The owner refuses to expel the creep and fires me instead. Three years later I win a precedent-setting human rights case against him.

++++

What is shocking to me is that I am not particularly visible. I do not create, write about, or otherwise engage in gaming culture. Due to the years of persistent sexual harassment and threats, I maintain an incredibly low social profile and try to avoid gendering myself online. Just think for a moment how fucked up it is that I am not free to post about my hobbies, interests, or day to day life because I am a woman and the gaming community is so dangerous.

Back when I was active in gaming, I was oblivious. I was just having some fun on the weekend; I wasn’t trying to expand the hobby or create new opportunities for diverse people to join in. My girlfriend wasn’t interested in the slightest, and that was just fine, so I didn’t have a personal stake in it.

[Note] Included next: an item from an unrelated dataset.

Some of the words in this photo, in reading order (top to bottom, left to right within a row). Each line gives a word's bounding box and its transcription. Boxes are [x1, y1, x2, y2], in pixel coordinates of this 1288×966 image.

But then I became an advocate for atheism. I knew women who thought it was important — and in fact, there were women who were leading, like Madalyn Murray O’Hair and Susan Jacoby and Annie Laurie Gaylor — and furthermore, the theocratic right was making it important to expand and make the movement more visible. We’re progressive, right? We won’t lack for enthusiasm in making this movement inclusive and embracing a secular perspective on issues like civil rights!

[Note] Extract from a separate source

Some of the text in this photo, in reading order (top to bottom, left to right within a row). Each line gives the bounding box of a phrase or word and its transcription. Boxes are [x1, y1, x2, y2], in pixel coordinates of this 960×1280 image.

Boy, have the last few years been an exercise in disillusionment. The Old Boys Club doesn’t want to open its doors, and the deeper cultural issues are pervasive. I read stories like this one, and I just think it’s the same problem everywhere, and it’s disappointing that atheists who pride themselves on their rationality are just as bad.

The response to the rampant sexual assault in the gaming hobby is predictably misogynistic. Women are expected to train themselves in self-defence and anything less is regarded as “irresponsible” on their part. This attitude is illogical, irrational, and deeply callous as it does not address the basic fact that, by the time a woman is forced to defend herself from sexual assault, a crime has already been committed against her person. Worse, any woman who has defended herself from sexual harassment in the gaming community can tell you that her self-defence was a precursor to ostracism as the men in the community embraced the predator and expelled his victim for “creating drama”. As if the perpetrator of the crime wasn’t responsible for the “drama” in the first place!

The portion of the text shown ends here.